Abstract
Introduction: Cervical cancer, ovarian cancer and endometrial cancer are the top three cancers in women. With the rapid development of gene chip and high-throughput sequencing technology, it has been widely used to study genomic functional omics data and identify markers for disease diagnosis and treatment. At the same time, more and more public databases containing genetic data have appeared. The result of the bioinformatic analysis can provide a diagnosis of new perspectives on cell origin and differences.

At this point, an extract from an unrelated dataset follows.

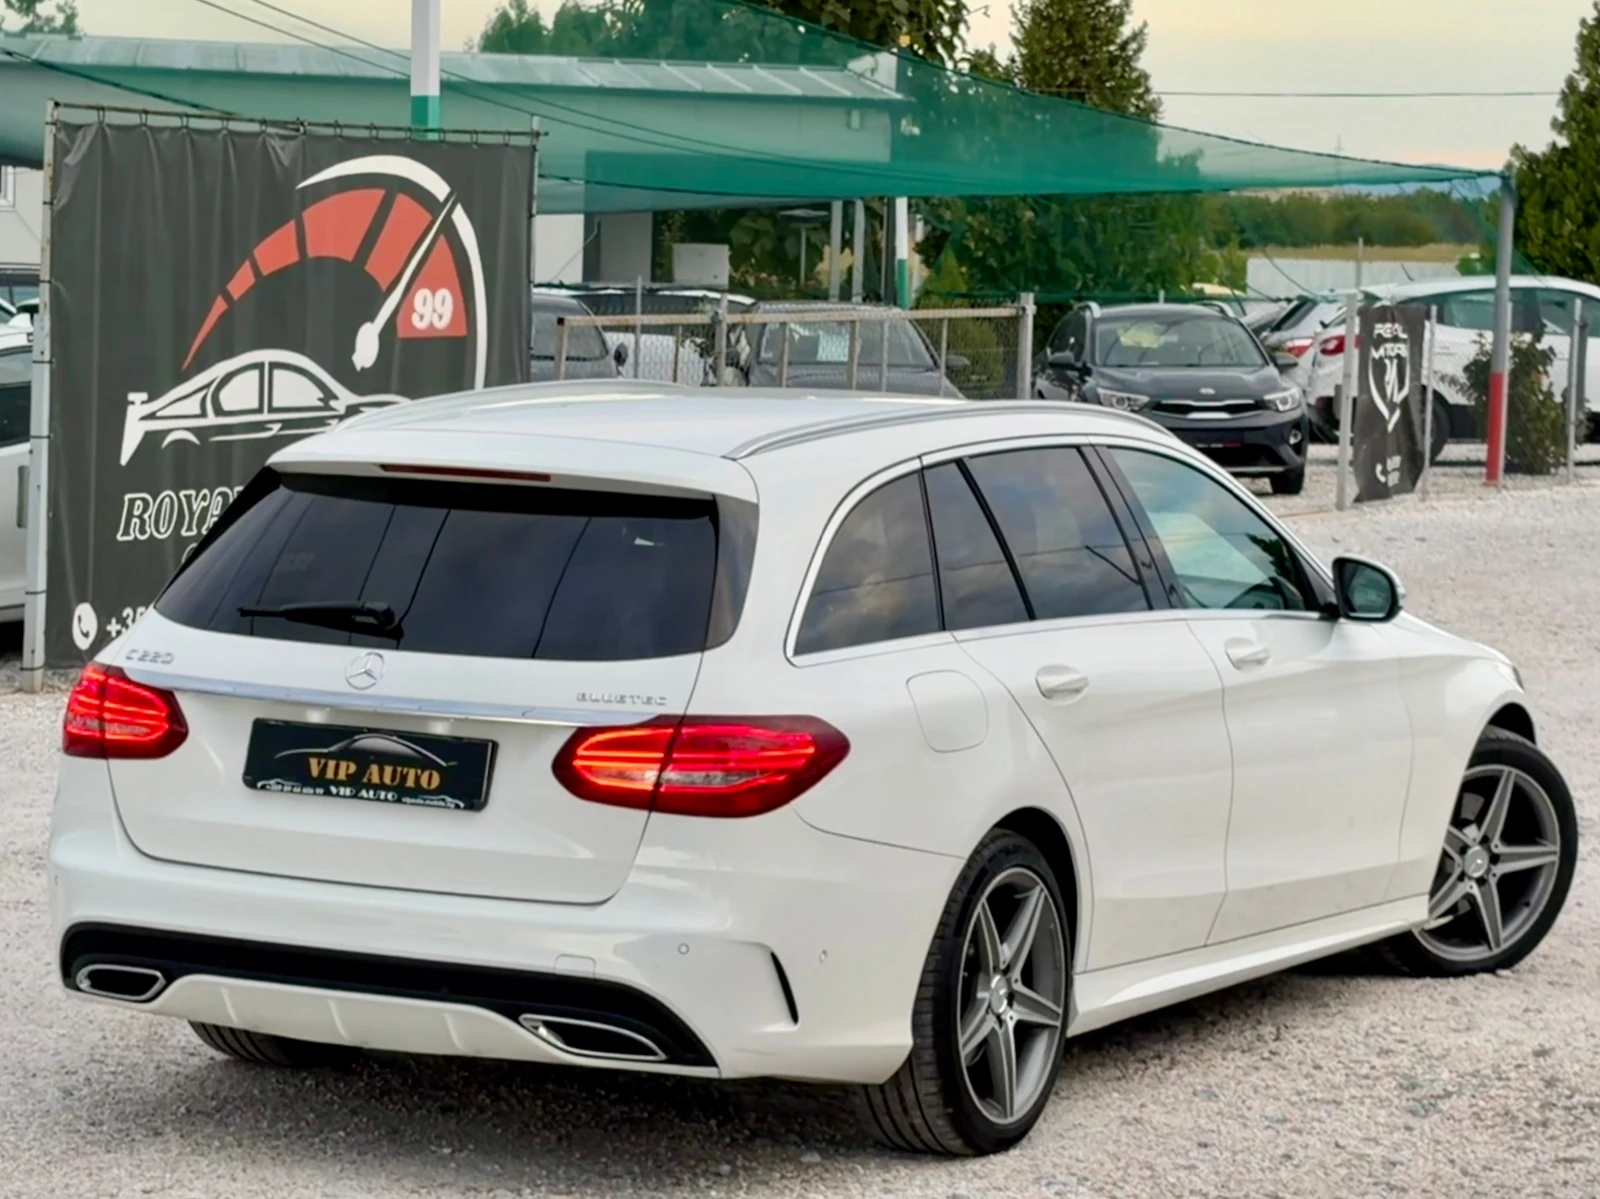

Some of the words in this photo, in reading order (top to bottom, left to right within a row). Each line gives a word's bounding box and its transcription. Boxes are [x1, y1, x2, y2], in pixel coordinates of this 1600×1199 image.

Methods: In this paper, three datasets about cervical cancer, ovarian cancer and endometrial cancer from GEO were used to dig out common DEGs (differentially expressed genes) among cervical cancer/ovarian cancer/endometrial cancer. DEGs contain 400 up-regulation genes and 157 down-regulation genes.
Results: The results of GO (gene ontology) functional enrichment analysis show that the BP (biological process) changes of DEGs are mainly in cell division, mitotic nuclear division, sister chromatid cohesion, and DNA replication. The CC (cell component) function enrichments of DEGs were mainly in the nucleoplasm, nucleus, condensed chromosome kinetochore, chromosome, centromeric region. The MF (molecular function) function enrichments of DEGs were mainly in protein binding. The results of the KEGG pathway analysis showed that the upregulation DEGs were mainly enriched in retinoblastoma gene in the cell cycle, cellular senescence, oocyte meiosis, and pathways in cancer, while the downregulation DEGs enriched in thiamine metabolism, protein processing in endoplasmic reticulum. Similarly, the function of the most significant module was enriched in cell division, condensed chromosome kinetochore, and microtubule motor activity.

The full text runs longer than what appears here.